• **DATA EXTRACTS**:
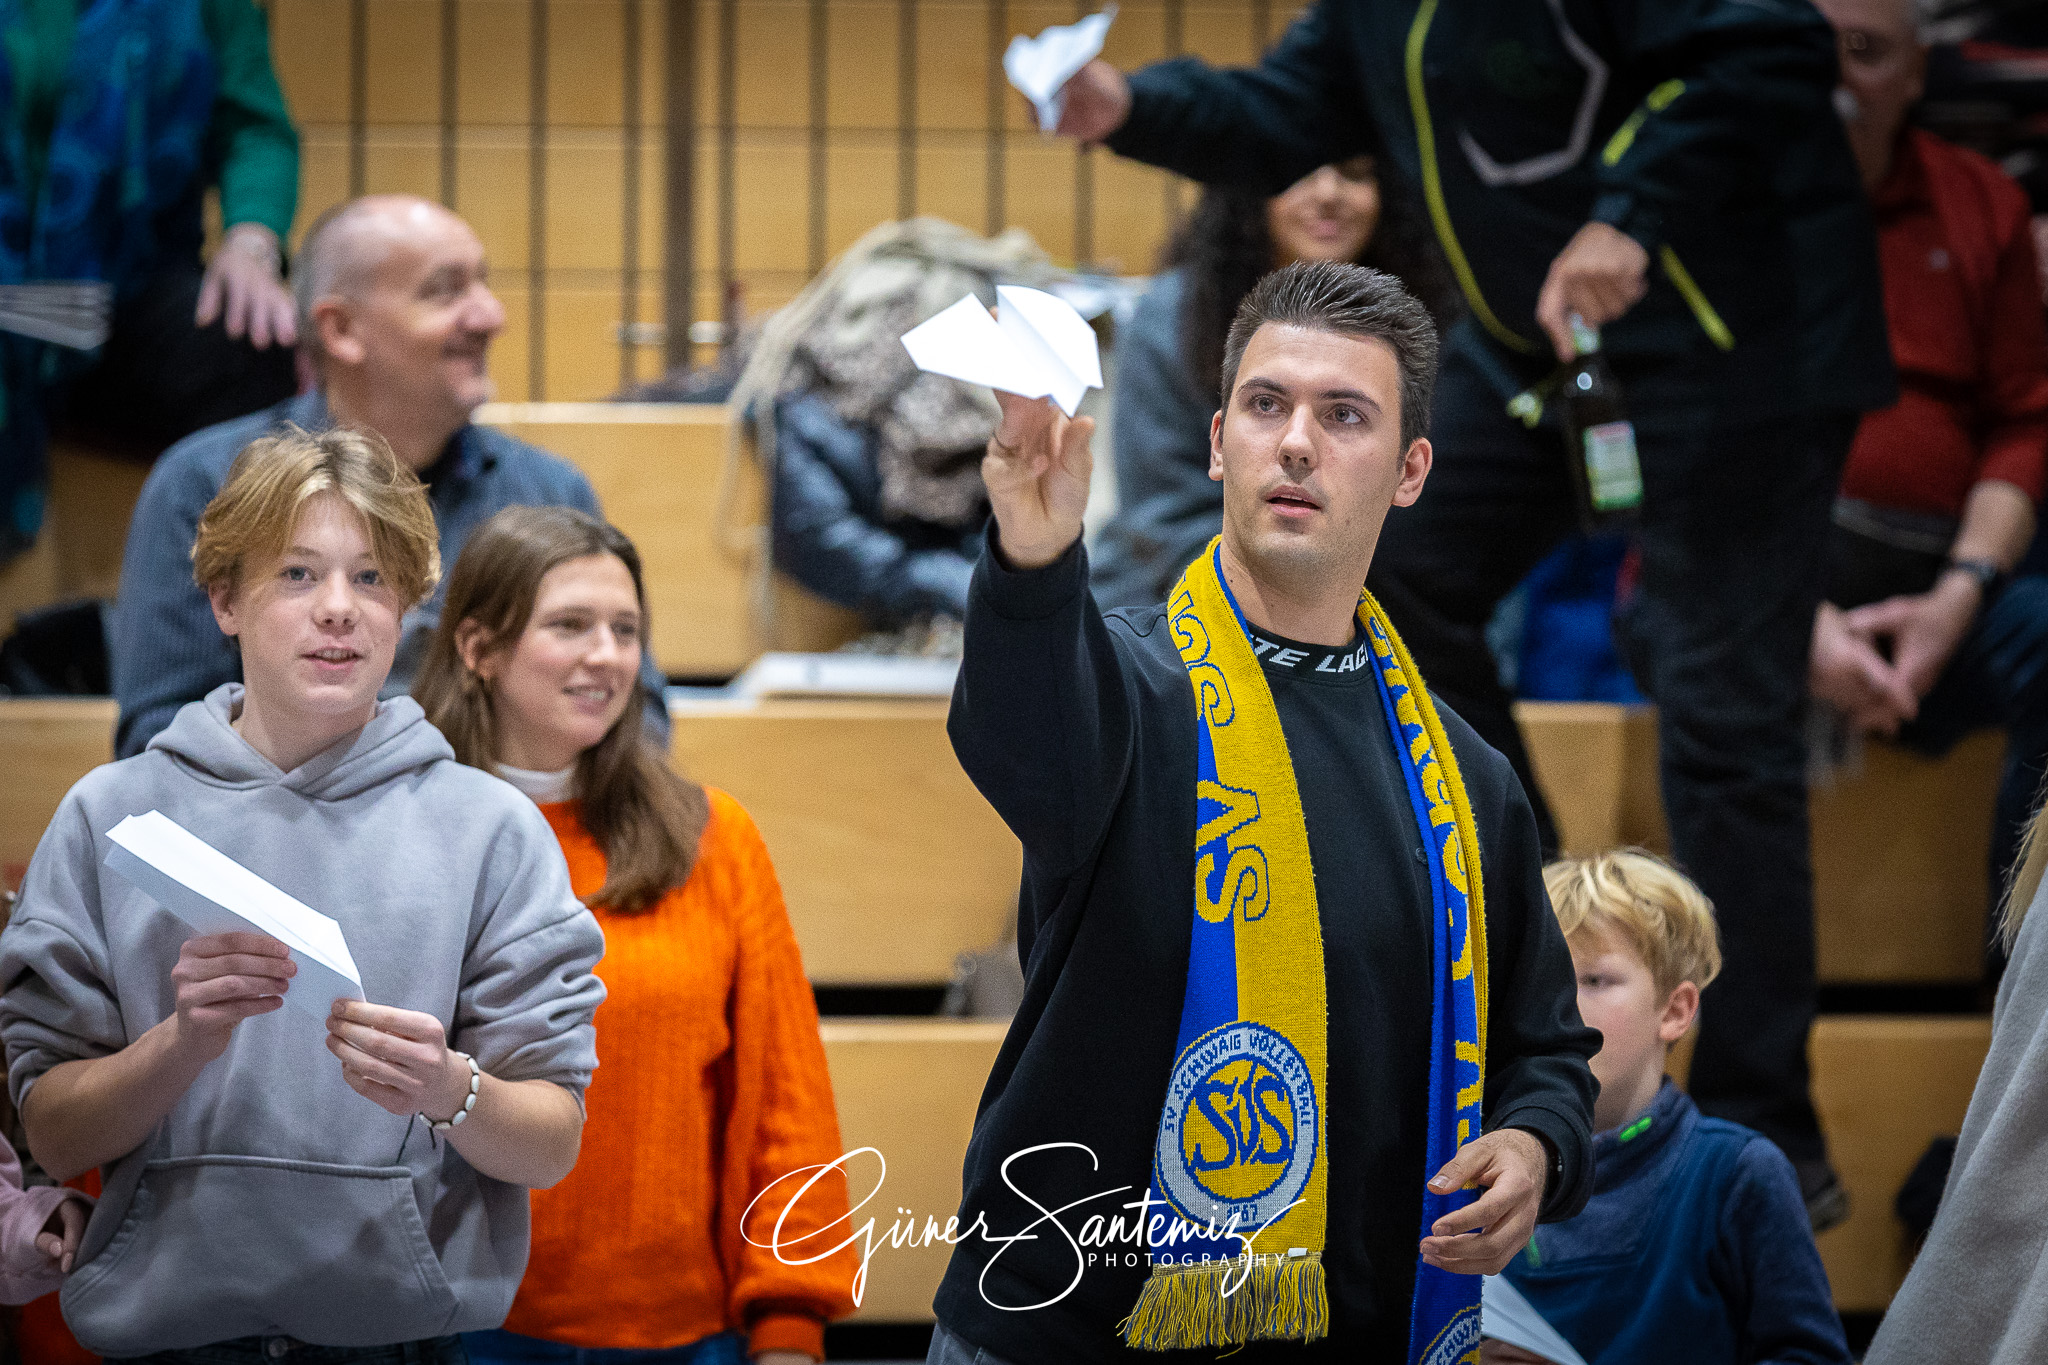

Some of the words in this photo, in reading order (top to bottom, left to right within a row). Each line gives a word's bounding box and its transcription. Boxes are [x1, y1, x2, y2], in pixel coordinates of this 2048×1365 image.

[1250, 633, 1310, 667] TE
[1315, 640, 1369, 672] LAC
[1175, 1033, 1241, 1100] SCHWAIG
[1250, 1033, 1312, 1127] VOLLEYBALL

• **WHAT TO DO**:
Repeat each line above exactly as it reads, omitting any pictures.

• **SOLVED EXERCISE**:
Some of the words in this photo, in reading order (top to bottom, left to right within a row). Each line gives a word's bounding box and its transcription. Boxes are [x1, y1, x2, y2], in pixel coordinates of this 2048×1365 image.

[1250, 633, 1310, 667] TE
[1315, 640, 1369, 672] LAC
[1175, 1033, 1241, 1100] SCHWAIG
[1250, 1033, 1312, 1127] VOLLEYBALL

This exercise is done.